DE: Another parallel path is the theater. I’ve worked with local theater groups, advising them on issues of obscenity and non-profit formation.

R: Being at Duke as a student and now as a professor, what differences do you observe with regard to campus arts culture?

DE: The Nasher has changed Duke and the arts dramatically. This year is the first there’s been an MFA; Theater was not a department when I was in school. There are probably 10 times as many student organizations that are somehow arts-linked. It’s really easy to say that there’s a lot more arts activity at a really high level.

R: How can you train yourself to be cool and collected when dealing with arts-related issues, which are often highly subjective?

DE: In all areas of the law, there’s so much specificity of issue and of precedent. When I’m wearing the lawyer hat, I’m not wearing the advocacy hat. But occasionally I’m in an advocacy role where you must bring in arguments that support your side of an issue. All of the fights that were going on in the ’90s over mostly gay and lesbian-related censorship in the arts— [NC Republican Senator] Jesse Helms was at the forefront of all of that, and I was advocating for anti-censorship and funding issues.

R: You’ve consistently committed yourself to the Triangle arts community rather than that of a larger city, such as New York.
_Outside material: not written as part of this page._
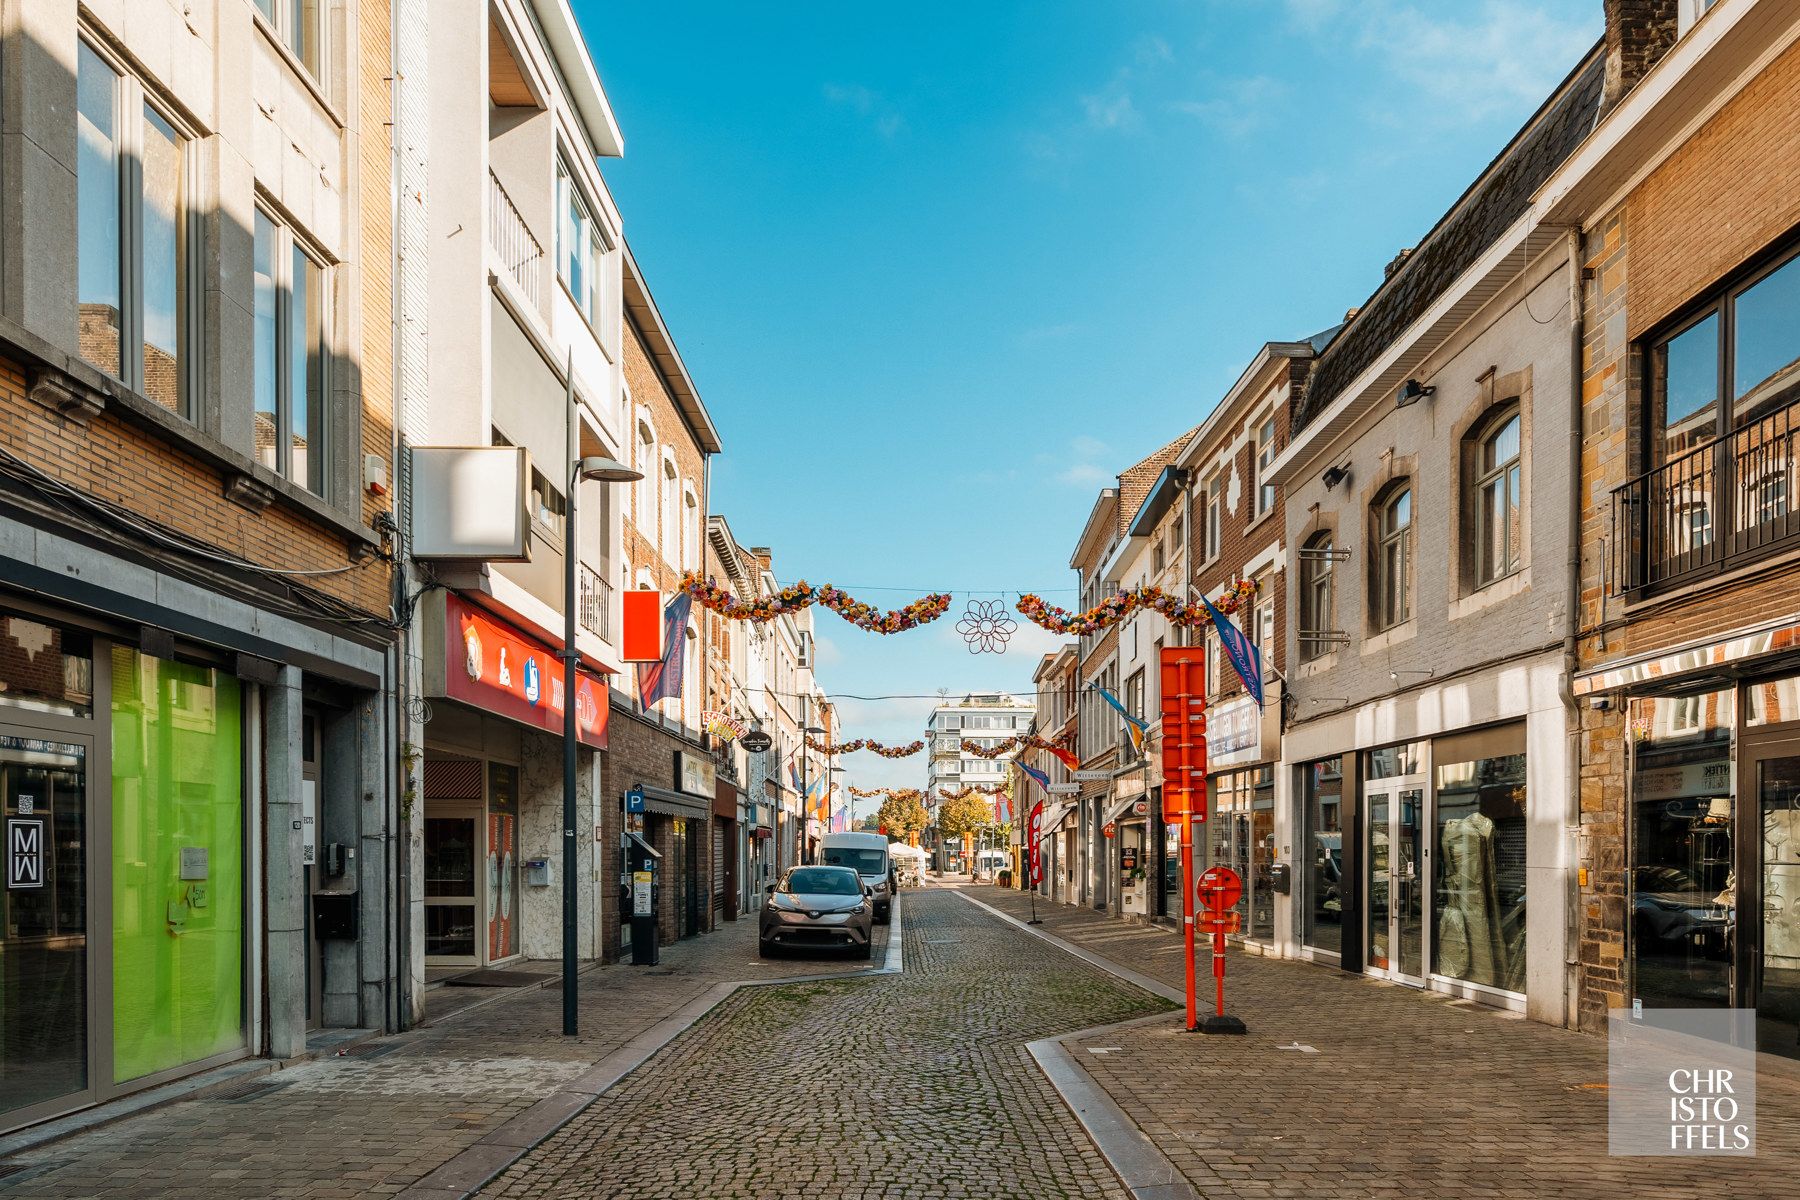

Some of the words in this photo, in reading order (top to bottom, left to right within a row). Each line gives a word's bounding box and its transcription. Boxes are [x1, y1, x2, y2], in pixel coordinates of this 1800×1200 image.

[706, 712, 747, 739] SCHOENEN
[631, 796, 641, 808] P
[644, 860, 653, 870] P
What has kept you here?

DE: It’s a very comfortable place to live and be involved in. The scope of the arts that exists here is as broad as any big city. You can be in New York and there’s a thousand things to do, but you’re only gonna do one thing, or nothing. Here, there may not be a thousand, but there’s probably ten [within the Triangle], the quality will be excellent and you’ll probably get a better seat.

R: What advice would you give students who are invested in the arts and also interested in non-profit work?

DE: If you love it, do it. You’ll find out a way to make it work.